[Tim Carr – IES Media Cooperative – 17/11/2008 – Trad. Gregor Seither]

Dans le Nord-Est du Nevada, au bout d’un chemin en gravier, le Donna’s Ranch n’appate pas le client avec ses veaux, vaches et cochons mais avec ses femmes. L’établissement est un bordel, institution légale dans cet Etat. L’endroit est réputé, de nombreux films y ont été tournés et il est mentionné dans plusieurs romans. Mais avec la crise pétrolière, financière et économique, les clients se font rares et les « madam » ont du mal à joindre les deux bouts..

Amy, 58 ans, se souvient des beaux jours où elle avait pu se payer une voiture de luxe à 32 000 dollars; aujourd’hui elle se prive de tout pour continuer à payer les traites de sa maison, que la crise du subprime a fait grimper à 1 200 dollars mensuel.

Mais les clients ne sont plus si généreux :  « certaines semaines je gagne moins que ma soeur qui grille des hamburgers chez Wendys ». Les filles de Amy sont restées en Californie et ne savent pas comment sa mère gagne sa vie. « Auparavant, je ramenais  5 000 dollars toutes les six semaines à la maison, aujourd’hui il me faut trois mois pour rassembler cette somme ».  L’un de ces clients lui a expliqué que, avec le prix du « gallon » d’essence, « cela me coûte aussi cher en essence de venir te voir que ce que je te paye pour coucher avec toi pendant une demi-heure. »

Il y a environ 25 bordels légaux au Nevada, et tous accusent le coup dans la crise. Le légendaire Mustang Ranch voit encore arriver pas mal de monde, mais le nombre de « filles » se proposant d’y travailler a triplé. « La semaine dernière nous avons même vu arriver une dame, très bien mise, qui avait 74 ans, et qui voulait travailler chez nous.

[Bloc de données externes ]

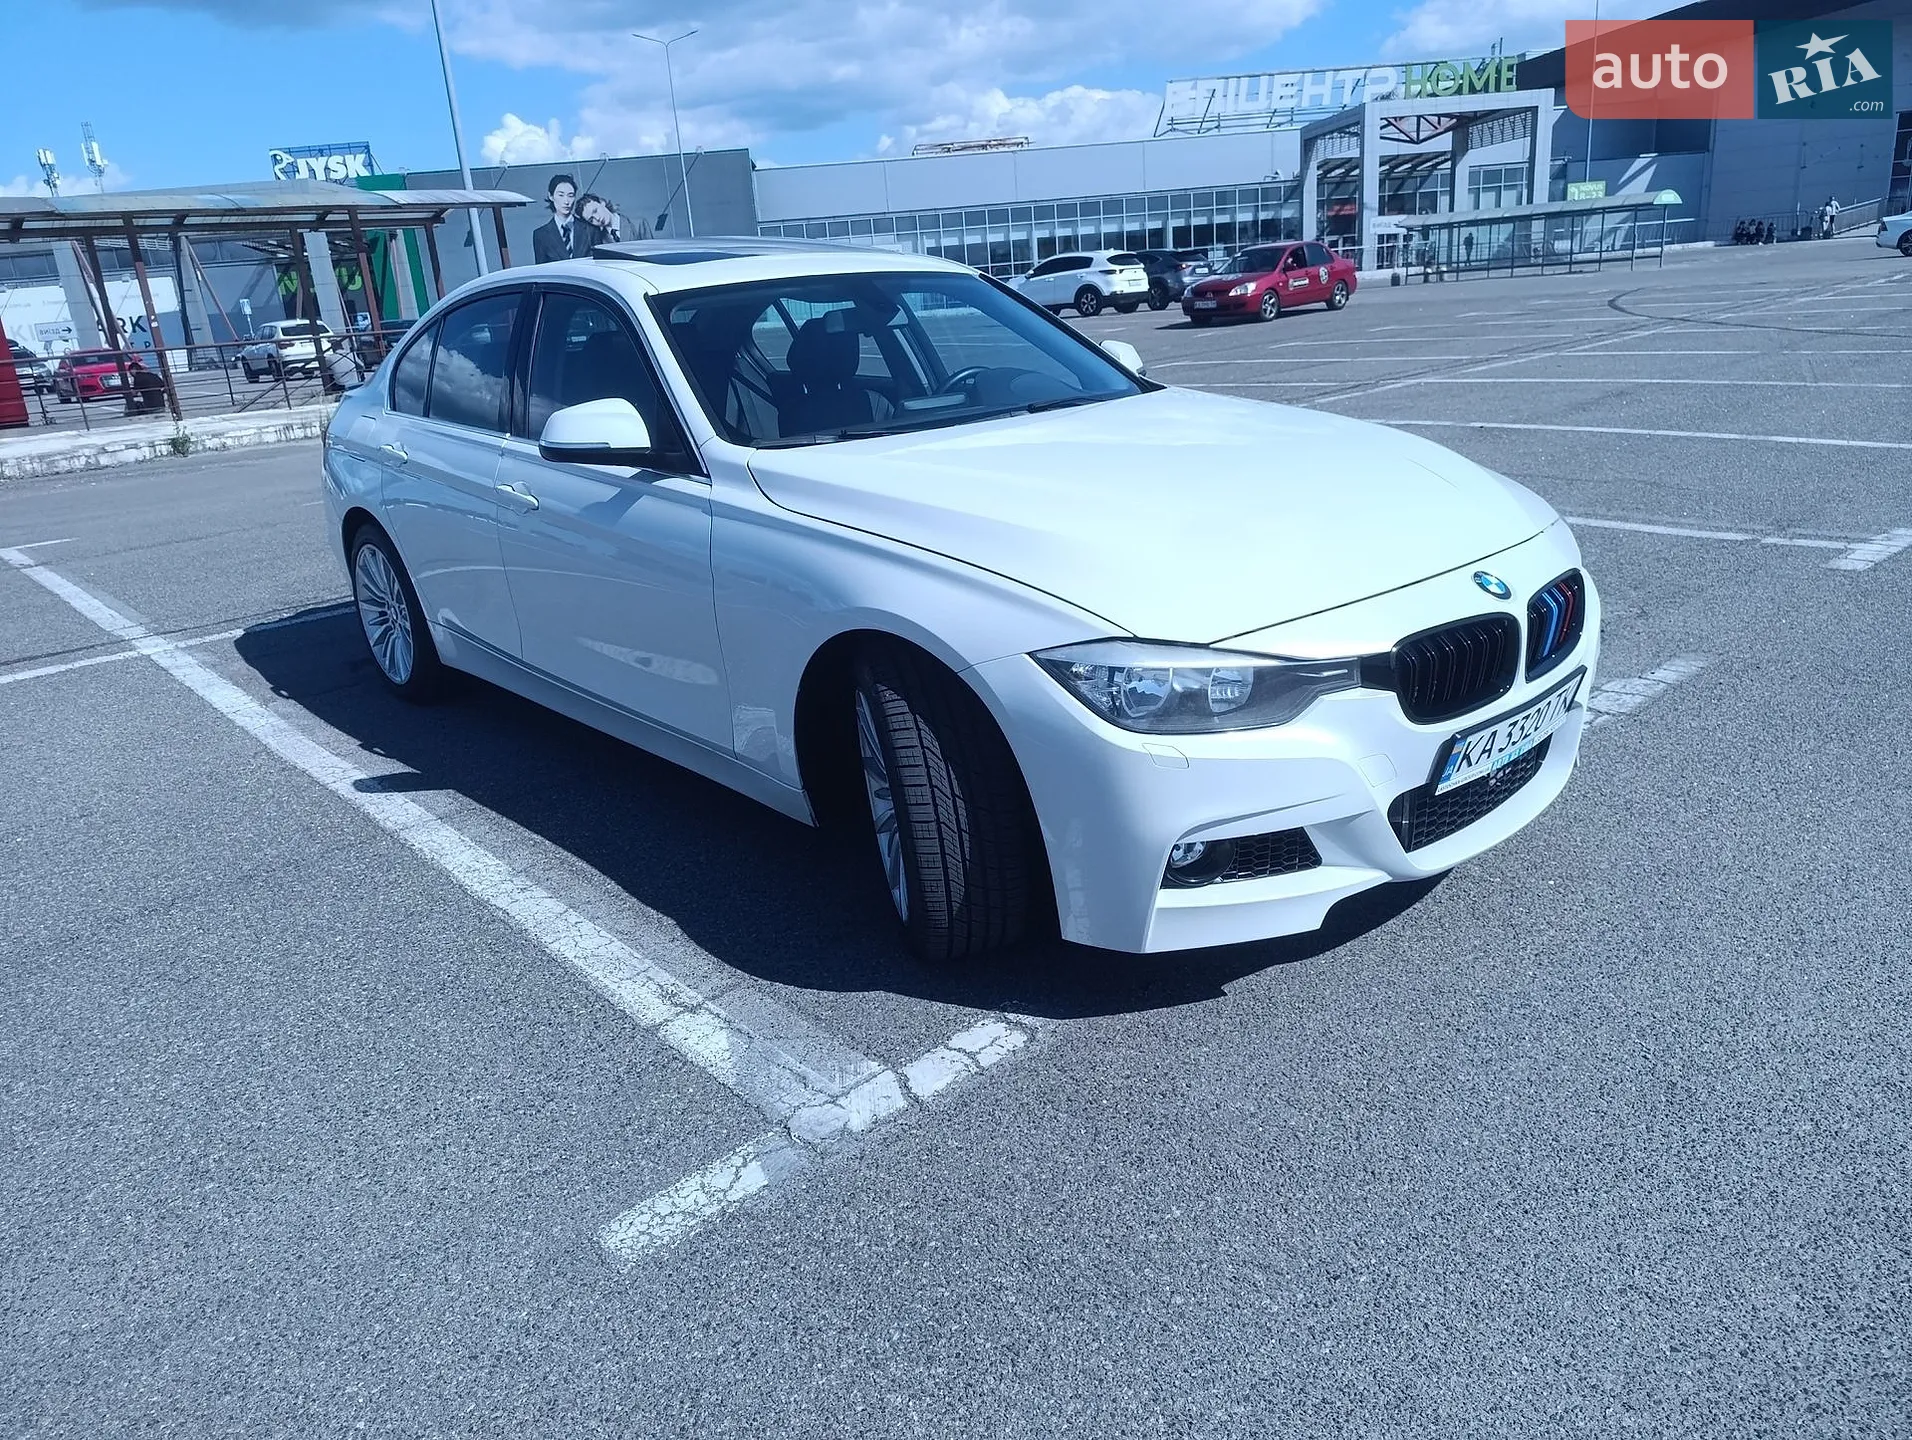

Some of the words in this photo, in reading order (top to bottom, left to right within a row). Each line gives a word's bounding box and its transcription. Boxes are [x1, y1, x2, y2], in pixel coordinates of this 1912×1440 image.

Elle était ruinée par la crise, avait perdu sa maison, son magasin de fleurs et dormait dans sa voiture » explique Laverne McCoy, l’un des patrons de l’établissement. L’été dernier, pour stimuler le commerce, le bordel voisin, le Shady Lady offrait des coupons d’essence aux bons clients. Et le Moonlite Bunny Ranch proposait des prestations extras gratuites à ceux qui venaient y dépenser leurs chèques du « plan de relance de l’économie » mis en place par le Président Bush.